Problem statement
Before repeating the entries below, strip out every picture and keep all else as it is.

[Dataset items]
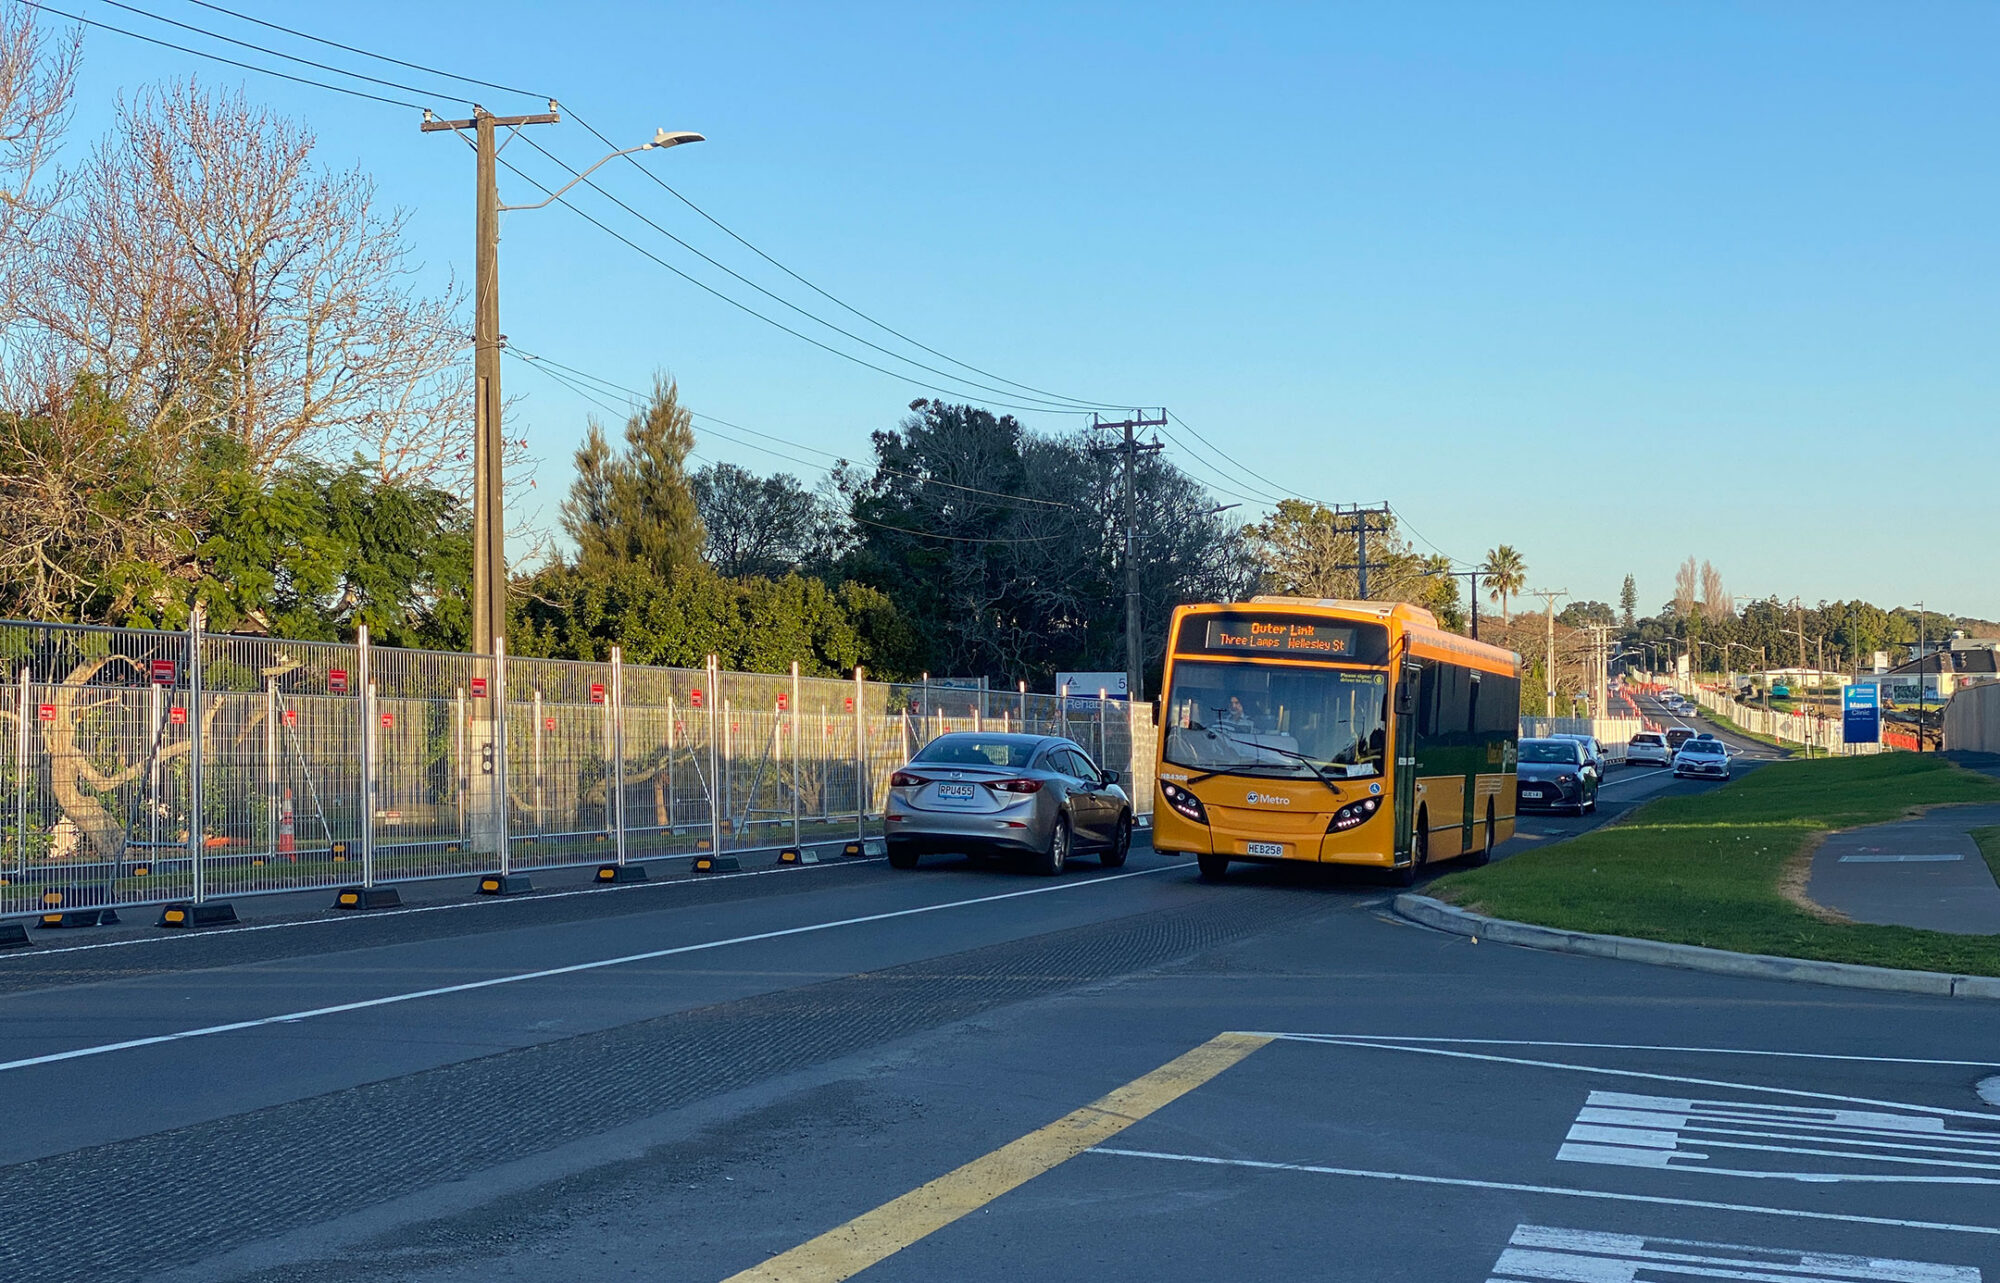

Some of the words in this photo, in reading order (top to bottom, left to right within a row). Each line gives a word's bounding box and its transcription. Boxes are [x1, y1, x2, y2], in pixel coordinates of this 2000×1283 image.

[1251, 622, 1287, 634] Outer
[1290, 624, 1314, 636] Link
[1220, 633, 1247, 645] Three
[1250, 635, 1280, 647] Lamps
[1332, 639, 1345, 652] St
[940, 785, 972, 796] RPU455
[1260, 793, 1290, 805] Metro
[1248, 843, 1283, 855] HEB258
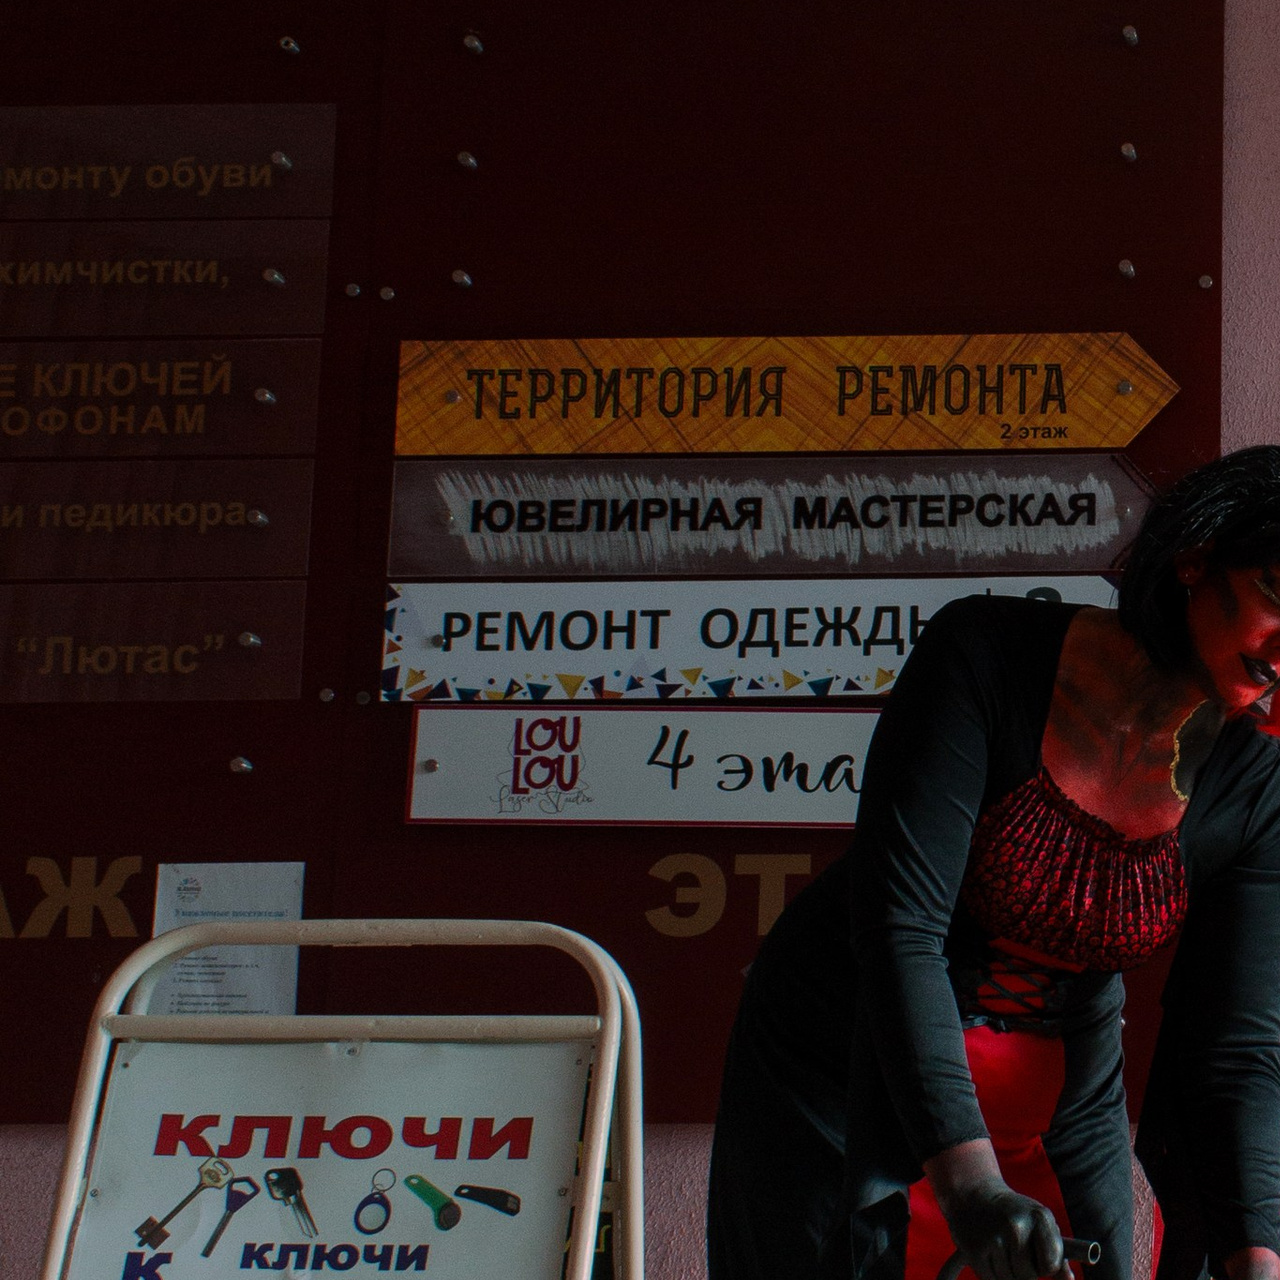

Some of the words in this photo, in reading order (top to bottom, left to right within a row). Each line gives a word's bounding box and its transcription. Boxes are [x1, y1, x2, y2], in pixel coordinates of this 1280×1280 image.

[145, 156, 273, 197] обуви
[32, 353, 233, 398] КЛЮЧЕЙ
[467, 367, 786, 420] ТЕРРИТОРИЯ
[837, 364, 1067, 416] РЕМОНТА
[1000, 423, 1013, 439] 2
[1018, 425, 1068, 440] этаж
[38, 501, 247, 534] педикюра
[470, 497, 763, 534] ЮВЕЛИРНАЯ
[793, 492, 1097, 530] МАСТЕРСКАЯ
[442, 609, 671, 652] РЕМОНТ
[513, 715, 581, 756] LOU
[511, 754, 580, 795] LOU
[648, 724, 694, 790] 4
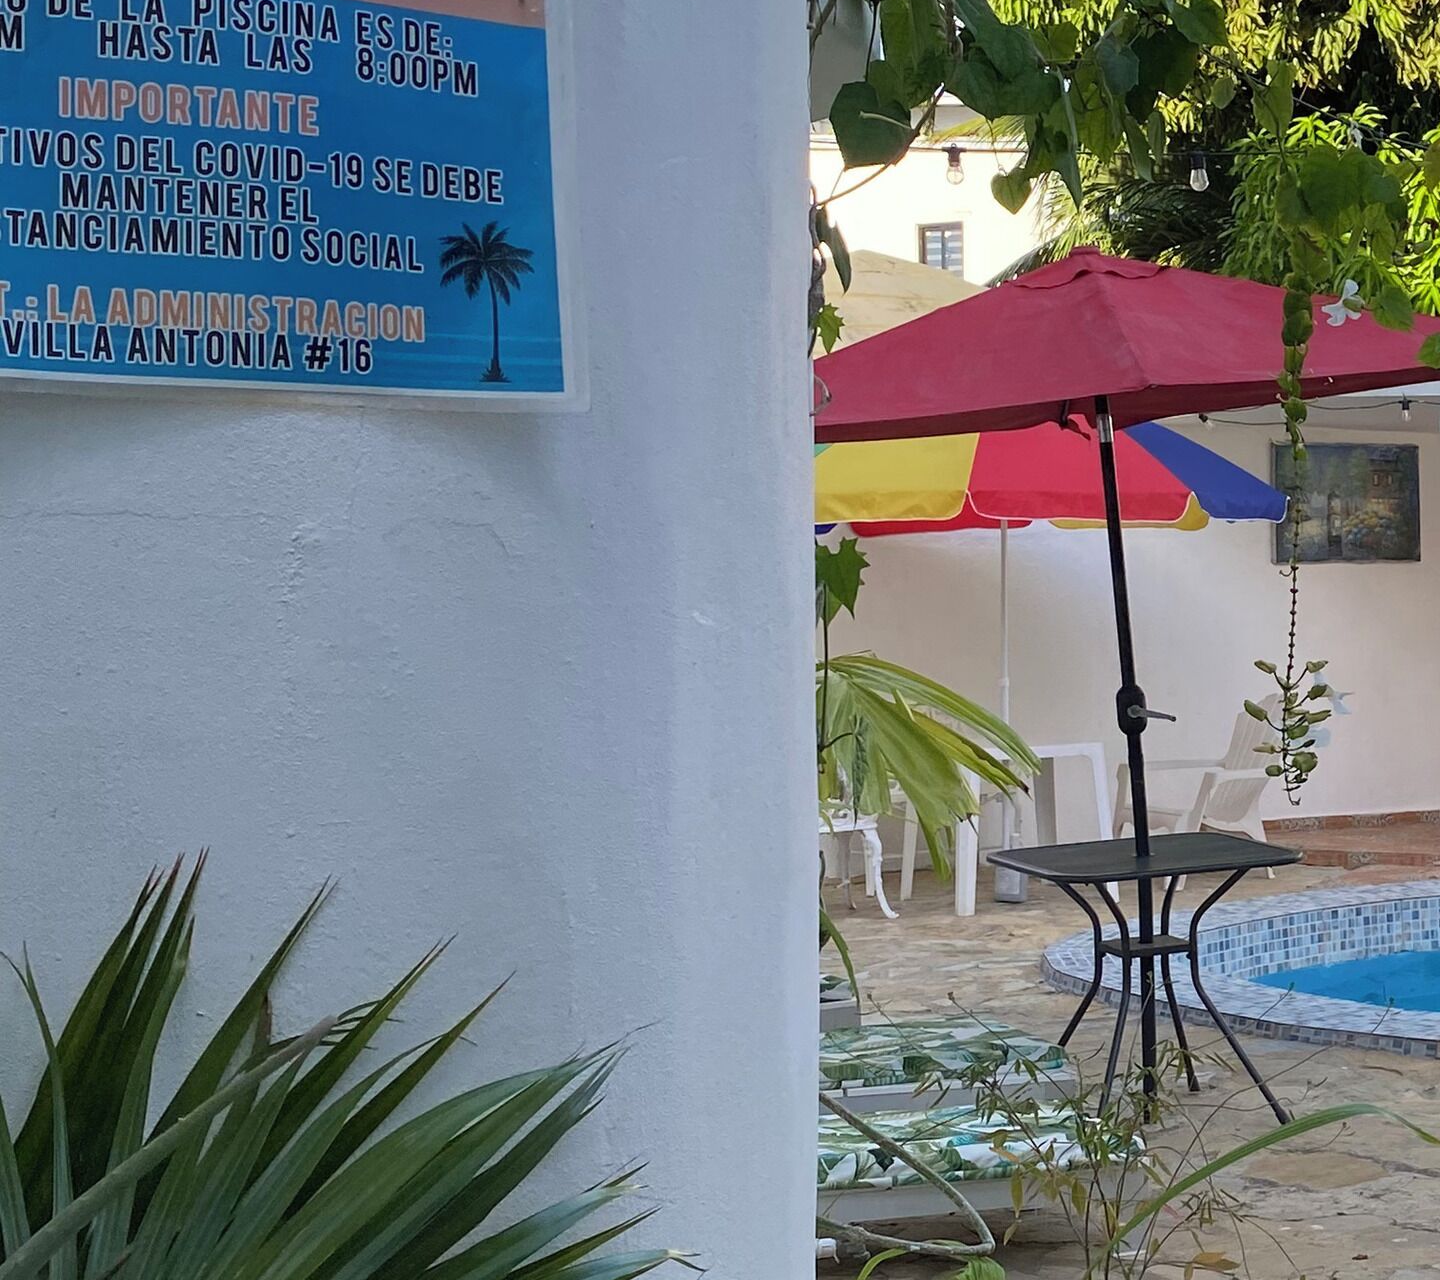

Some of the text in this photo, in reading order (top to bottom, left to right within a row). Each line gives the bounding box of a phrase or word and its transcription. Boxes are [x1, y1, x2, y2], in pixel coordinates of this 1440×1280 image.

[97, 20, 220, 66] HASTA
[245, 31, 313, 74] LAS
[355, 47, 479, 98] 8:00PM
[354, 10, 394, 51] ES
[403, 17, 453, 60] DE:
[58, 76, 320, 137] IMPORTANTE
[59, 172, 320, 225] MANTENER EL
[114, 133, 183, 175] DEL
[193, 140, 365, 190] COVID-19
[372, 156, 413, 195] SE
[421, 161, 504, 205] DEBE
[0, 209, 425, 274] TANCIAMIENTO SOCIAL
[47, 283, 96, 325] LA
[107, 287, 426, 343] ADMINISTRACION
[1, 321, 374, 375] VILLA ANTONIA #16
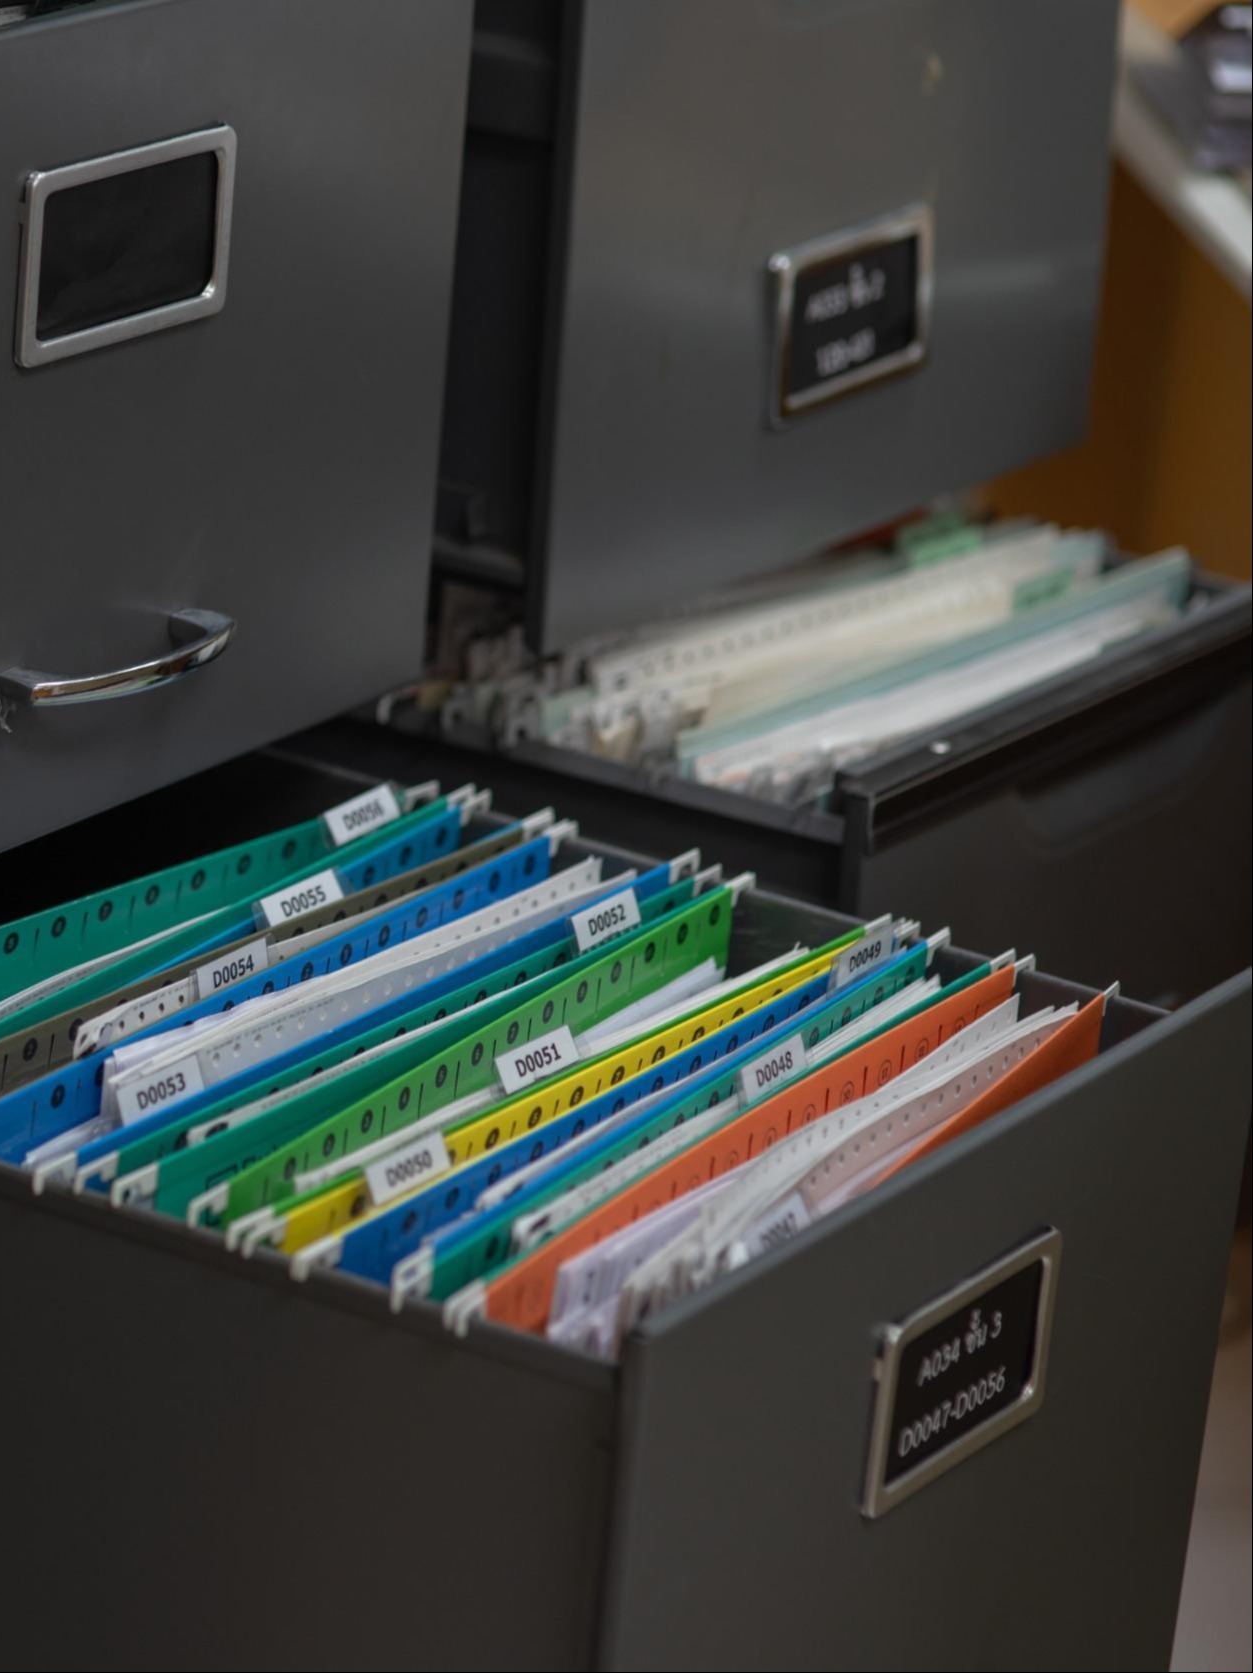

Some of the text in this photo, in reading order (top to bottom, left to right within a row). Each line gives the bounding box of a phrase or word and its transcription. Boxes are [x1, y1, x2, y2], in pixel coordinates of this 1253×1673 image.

Your response
Some of the words in this photo, in reading order (top to bottom, left to right within a row). Each line gives a word's bounding box and its transcription. Boxes are [x1, y1, x2, y2], in pixel coordinates of this 2000×1283 image.

[1251, 622, 1287, 634] Outer
[1290, 624, 1314, 636] Link
[1220, 633, 1247, 645] Three
[1250, 635, 1280, 647] Lamps
[1332, 639, 1345, 652] St
[940, 785, 972, 796] RPU455
[1260, 793, 1290, 805] Metro
[1248, 843, 1283, 855] HEB258

Some of the words in this photo, in reading order (top to bottom, left to right within a row). Each line gives a word's bounding box and its transcription. Boxes are [x1, y1, x2, y2], in pixel coordinates of this 1280×1280 image.

[145, 156, 273, 197] обуви
[32, 353, 233, 398] КЛЮЧЕЙ
[467, 367, 786, 420] ТЕРРИТОРИЯ
[837, 364, 1067, 416] РЕМОНТА
[1000, 423, 1013, 439] 2
[1018, 425, 1068, 440] этаж
[38, 501, 247, 534] педикюра
[470, 497, 763, 534] ЮВЕЛИРНАЯ
[793, 492, 1097, 530] МАСТЕРСКАЯ
[442, 609, 671, 652] РЕМОНТ
[513, 715, 581, 756] LOU
[511, 754, 580, 795] LOU
[648, 724, 694, 790] 4

Some of the text in this photo, in reading order (top to bottom, left to right within a row). Each line gives the bounding box of a phrase or word and its transcription. Boxes are [x1, y1, x2, y2], in pixel coordinates of this 1440×1280 image.

[97, 20, 220, 66] HASTA
[245, 31, 313, 74] LAS
[355, 47, 479, 98] 8:00PM
[354, 10, 394, 51] ES
[403, 17, 453, 60] DE:
[58, 76, 320, 137] IMPORTANTE
[59, 172, 320, 225] MANTENER EL
[114, 133, 183, 175] DEL
[193, 140, 365, 190] COVID-19
[372, 156, 413, 195] SE
[421, 161, 504, 205] DEBE
[0, 209, 425, 274] TANCIAMIENTO SOCIAL
[47, 283, 96, 325] LA
[107, 287, 426, 343] ADMINISTRACION
[1, 321, 374, 375] VILLA ANTONIA #16

Some of the text in this photo, in reading order (top to bottom, left to right within a row). Each line gives the bounding box of a phrase or word and its transcription. Boxes are [x1, y1, x2, y2], in pixel coordinates of this 1253×1673 image.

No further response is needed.